• Task goal: What is needed is an exact copy of the lines from the one containing "this 1800×900 image." through the final line of the material below.

• Data to use:

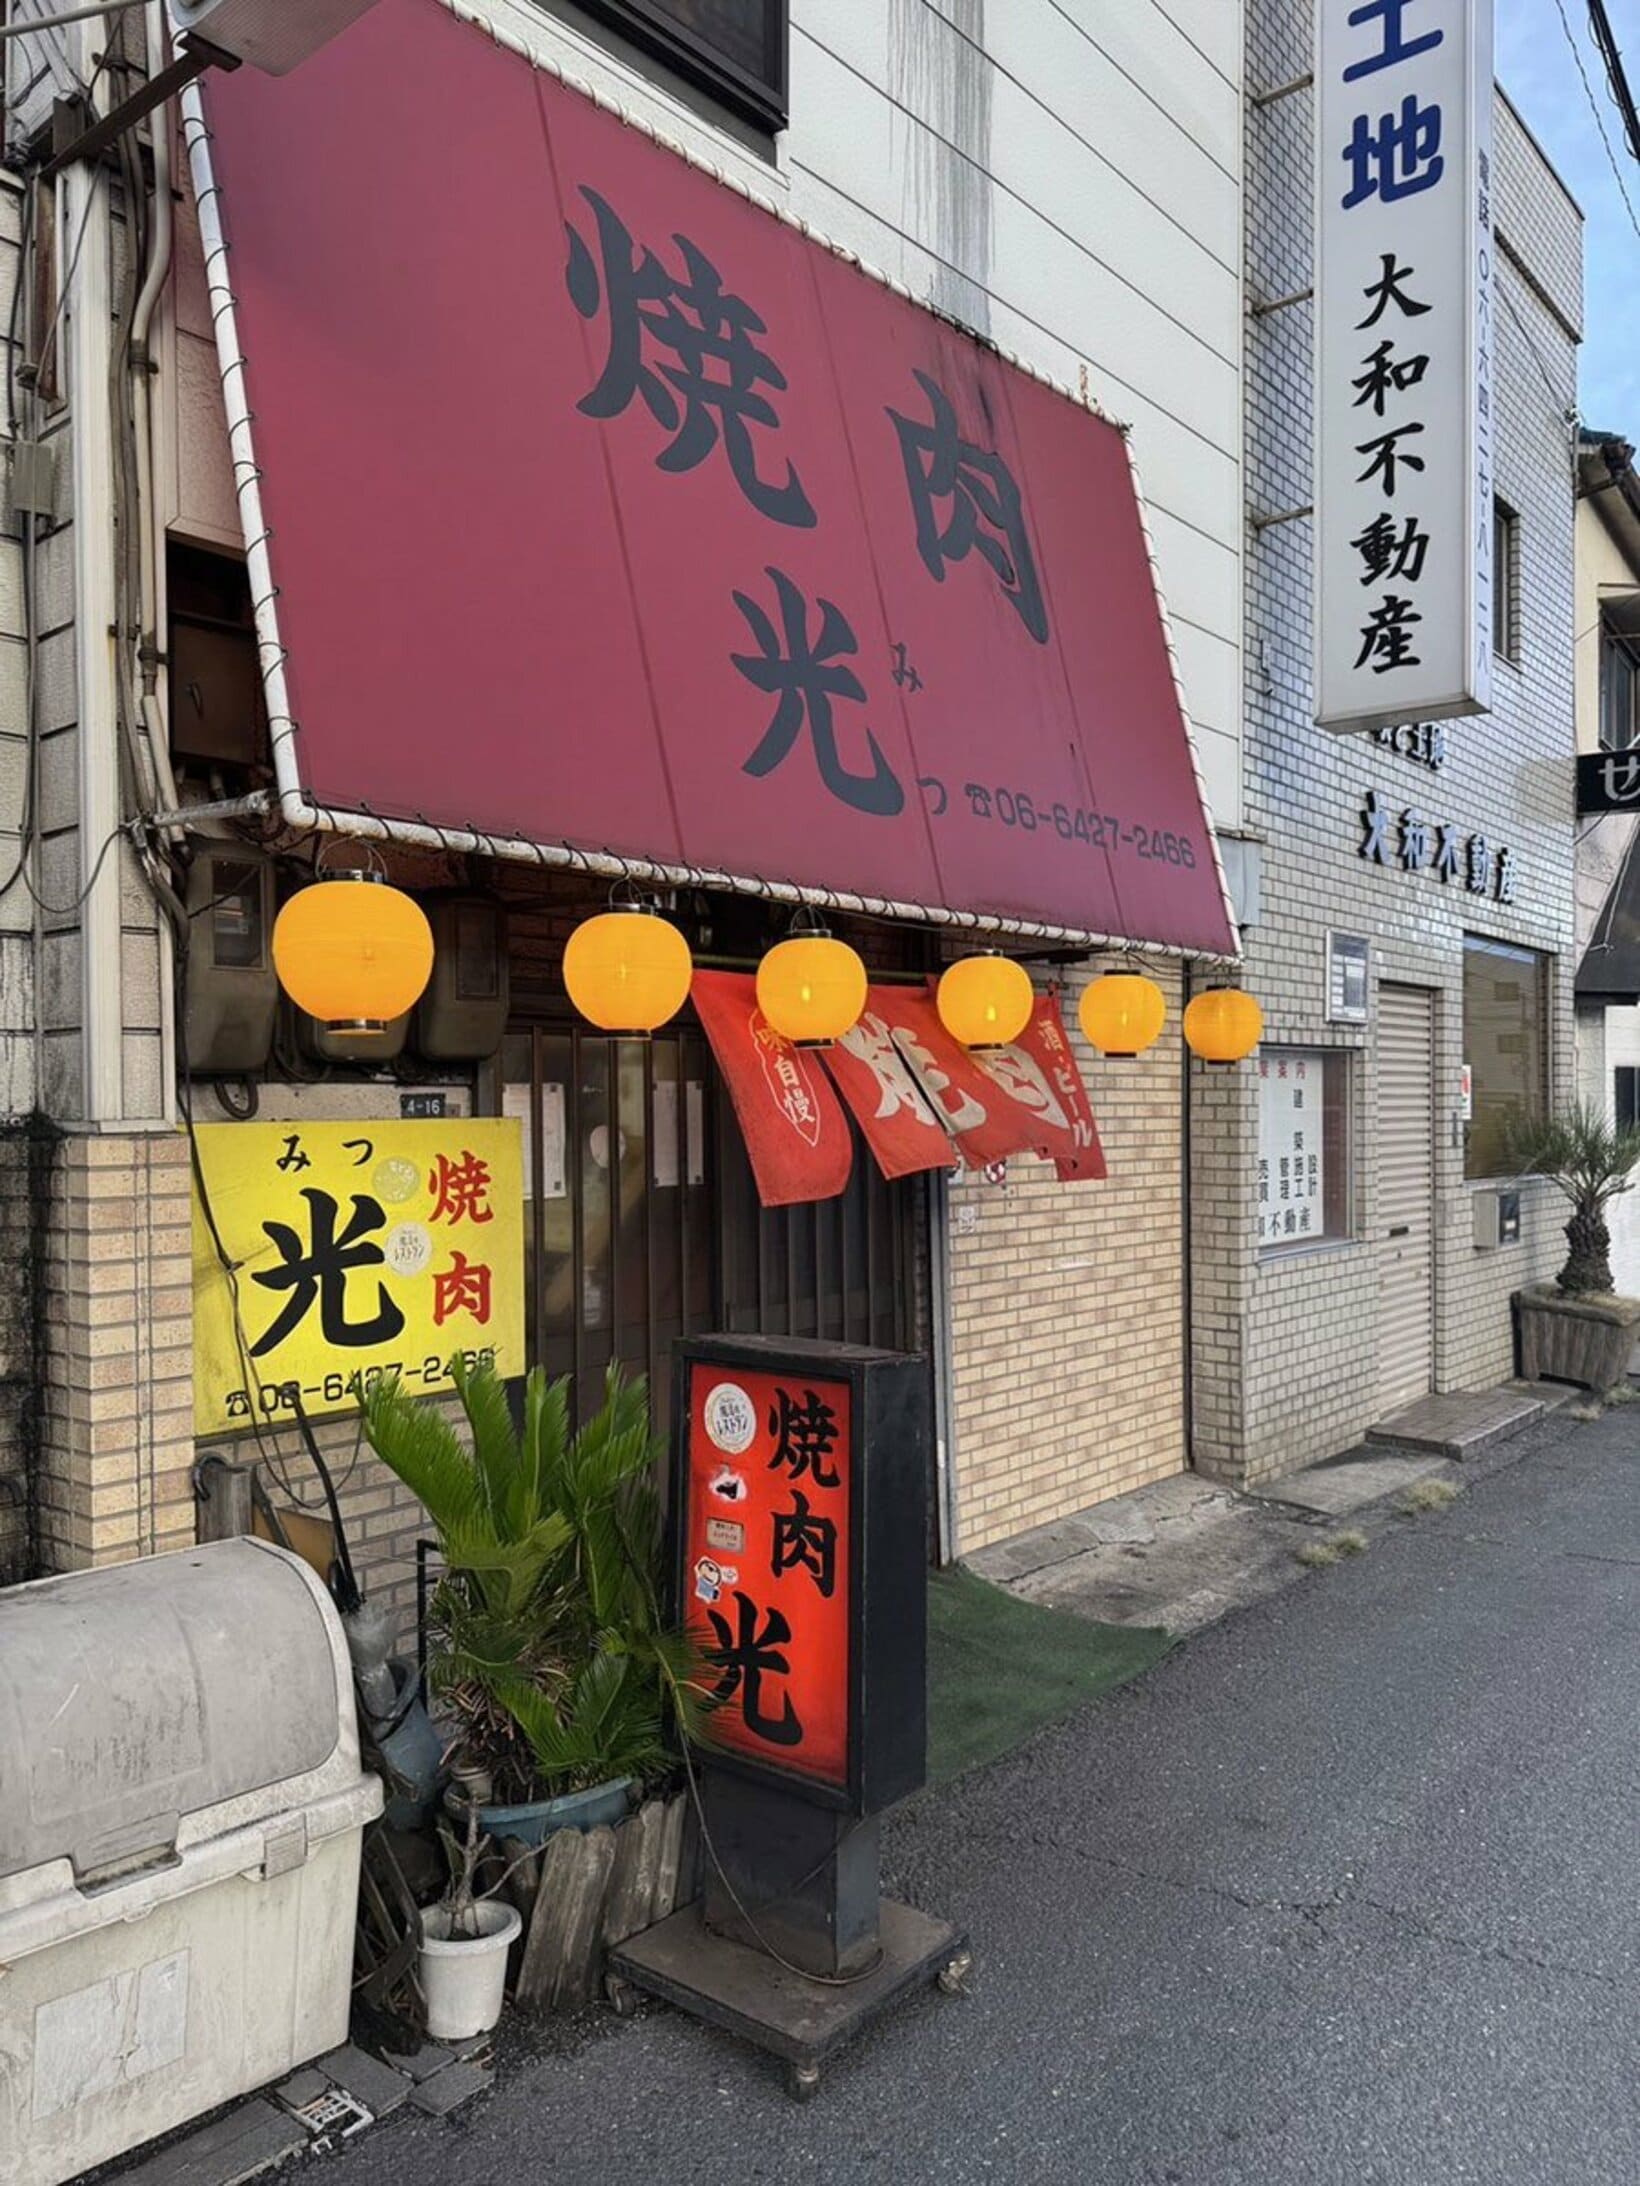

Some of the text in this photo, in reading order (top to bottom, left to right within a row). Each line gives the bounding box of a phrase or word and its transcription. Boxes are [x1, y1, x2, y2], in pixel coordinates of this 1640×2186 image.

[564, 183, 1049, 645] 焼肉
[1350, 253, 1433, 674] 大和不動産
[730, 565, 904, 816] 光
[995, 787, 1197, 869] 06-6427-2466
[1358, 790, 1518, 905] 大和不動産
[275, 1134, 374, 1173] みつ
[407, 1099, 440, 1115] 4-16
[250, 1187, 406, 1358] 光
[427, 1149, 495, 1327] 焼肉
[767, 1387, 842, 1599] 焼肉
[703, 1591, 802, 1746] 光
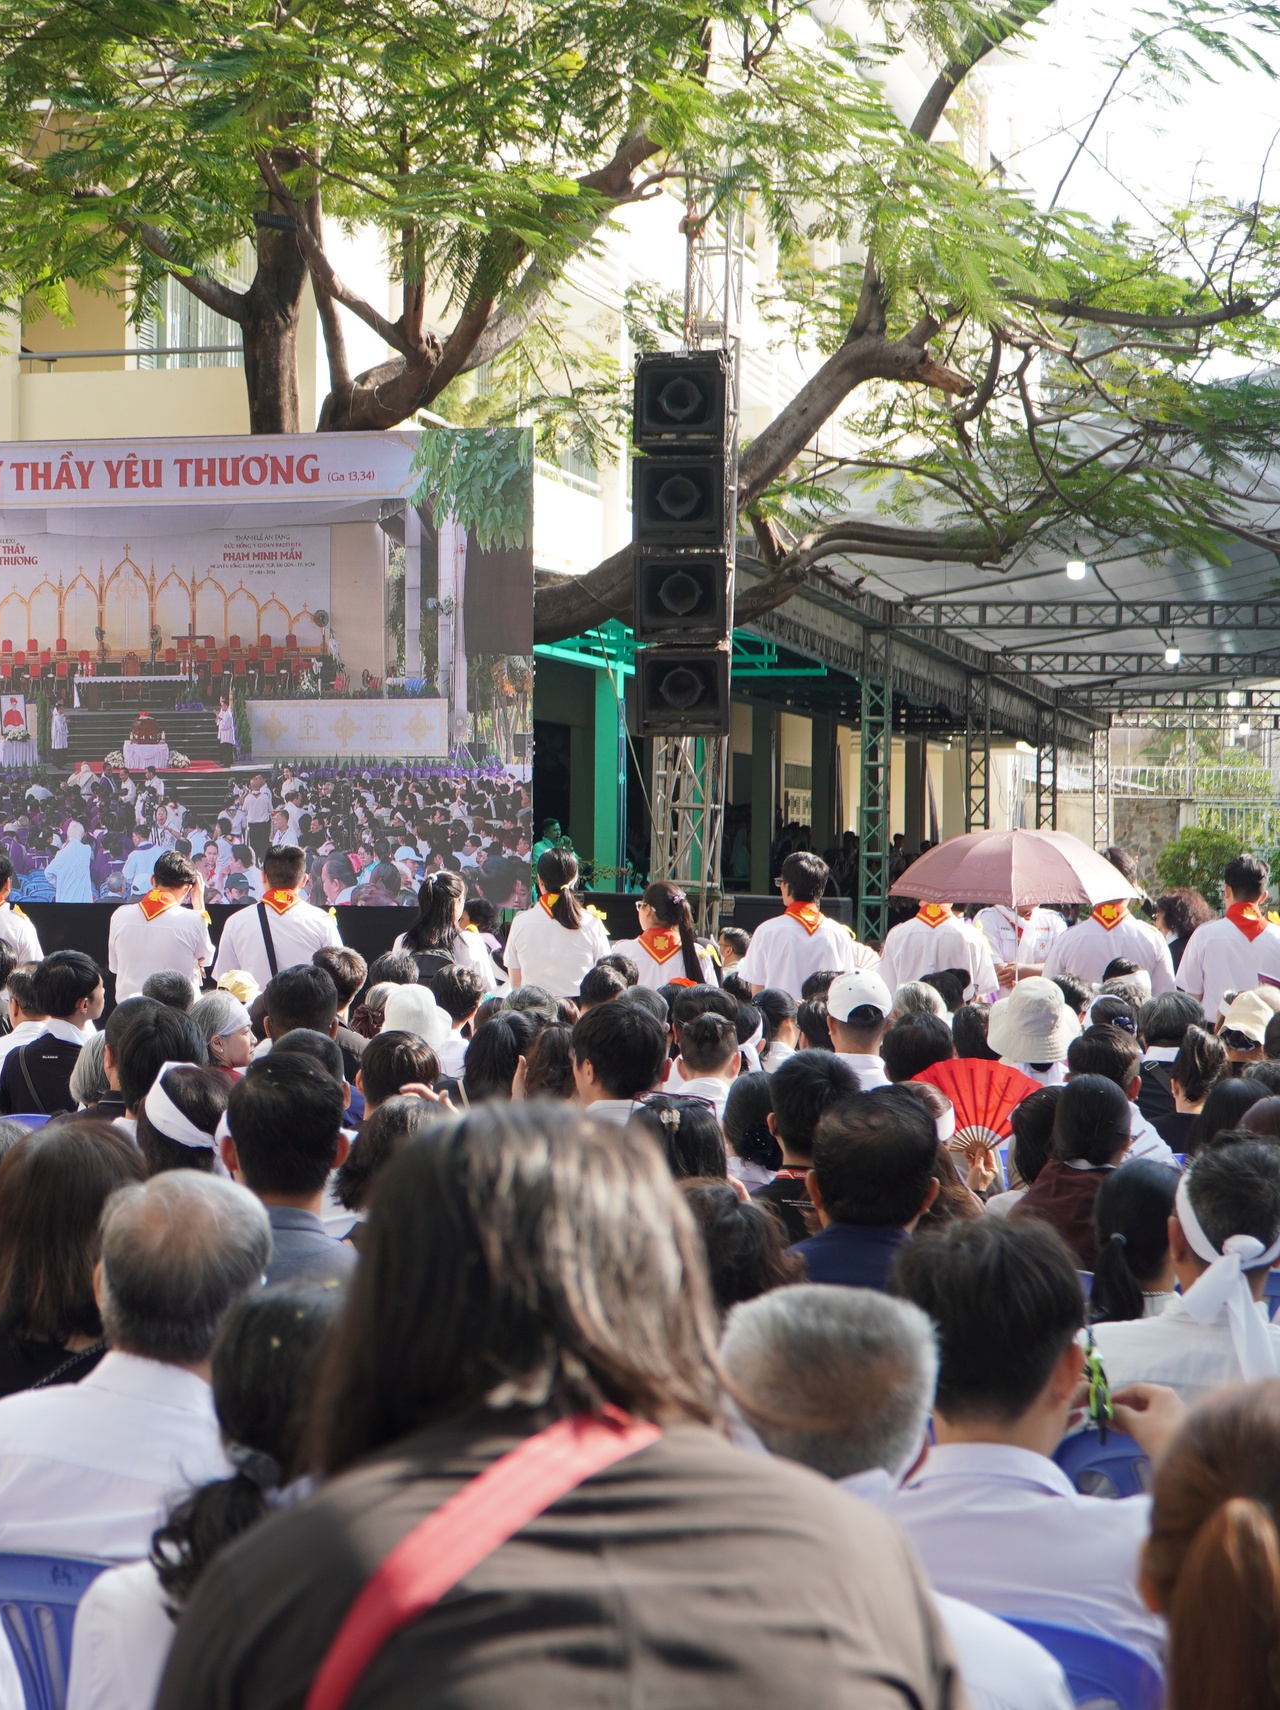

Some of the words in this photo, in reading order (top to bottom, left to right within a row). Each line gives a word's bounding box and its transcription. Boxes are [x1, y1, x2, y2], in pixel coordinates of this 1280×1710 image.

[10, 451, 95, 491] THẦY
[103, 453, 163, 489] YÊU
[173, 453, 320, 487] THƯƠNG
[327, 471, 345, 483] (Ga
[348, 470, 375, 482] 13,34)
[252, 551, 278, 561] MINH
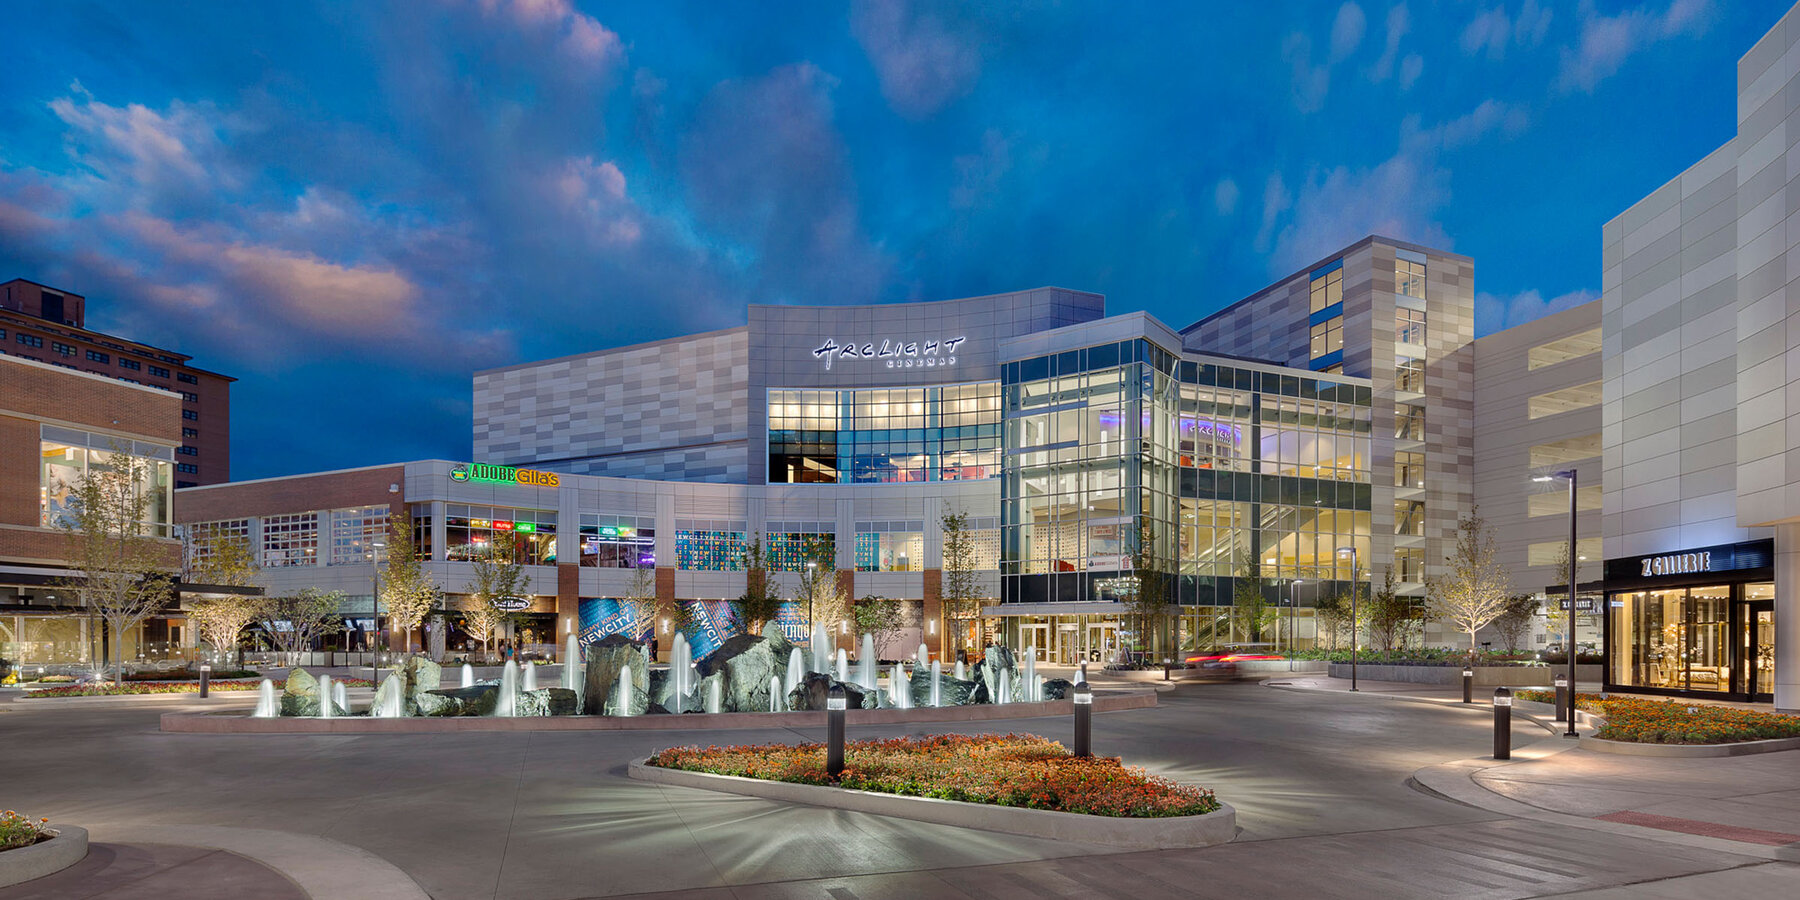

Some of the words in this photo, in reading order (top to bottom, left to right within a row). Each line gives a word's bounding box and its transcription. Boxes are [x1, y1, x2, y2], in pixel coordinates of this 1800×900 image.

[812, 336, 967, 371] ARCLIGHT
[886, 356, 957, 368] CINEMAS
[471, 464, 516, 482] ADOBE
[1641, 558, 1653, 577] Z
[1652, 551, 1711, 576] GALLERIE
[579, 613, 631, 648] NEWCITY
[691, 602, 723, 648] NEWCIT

• Answer to this problem:
Some of the words in this photo, in reading order (top to bottom, left to right within a row). Each line gives a word's bounding box and its transcription. Boxes are [x1, y1, x2, y2], in pixel coordinates of this 1800×900 image.

[812, 336, 967, 371] ARCLIGHT
[886, 356, 957, 368] CINEMAS
[471, 464, 516, 482] ADOBE
[1641, 558, 1653, 577] Z
[1652, 551, 1711, 576] GALLERIE
[579, 613, 631, 648] NEWCITY
[691, 602, 723, 648] NEWCIT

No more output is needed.